### [YOUR ASSIGNMENT]
The answer should contain every entry below, copied exactly.

Dataset entries
++++++++++

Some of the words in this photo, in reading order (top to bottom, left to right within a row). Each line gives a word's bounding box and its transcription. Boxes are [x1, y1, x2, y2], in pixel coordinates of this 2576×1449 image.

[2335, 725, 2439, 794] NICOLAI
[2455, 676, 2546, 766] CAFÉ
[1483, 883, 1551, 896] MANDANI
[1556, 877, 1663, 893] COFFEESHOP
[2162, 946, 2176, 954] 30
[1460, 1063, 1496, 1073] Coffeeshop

++++++++++

### [RESPONSE]
Some of the words in this photo, in reading order (top to bottom, left to right within a row). Each line gives a word's bounding box and its transcription. Boxes are [x1, y1, x2, y2], in pixel coordinates of this 2576×1449 image.

[2335, 725, 2439, 794] NICOLAI
[2455, 676, 2546, 766] CAFÉ
[1483, 883, 1551, 896] MANDANI
[1556, 877, 1663, 893] COFFEESHOP
[2162, 946, 2176, 954] 30
[1460, 1063, 1496, 1073] Coffeeshop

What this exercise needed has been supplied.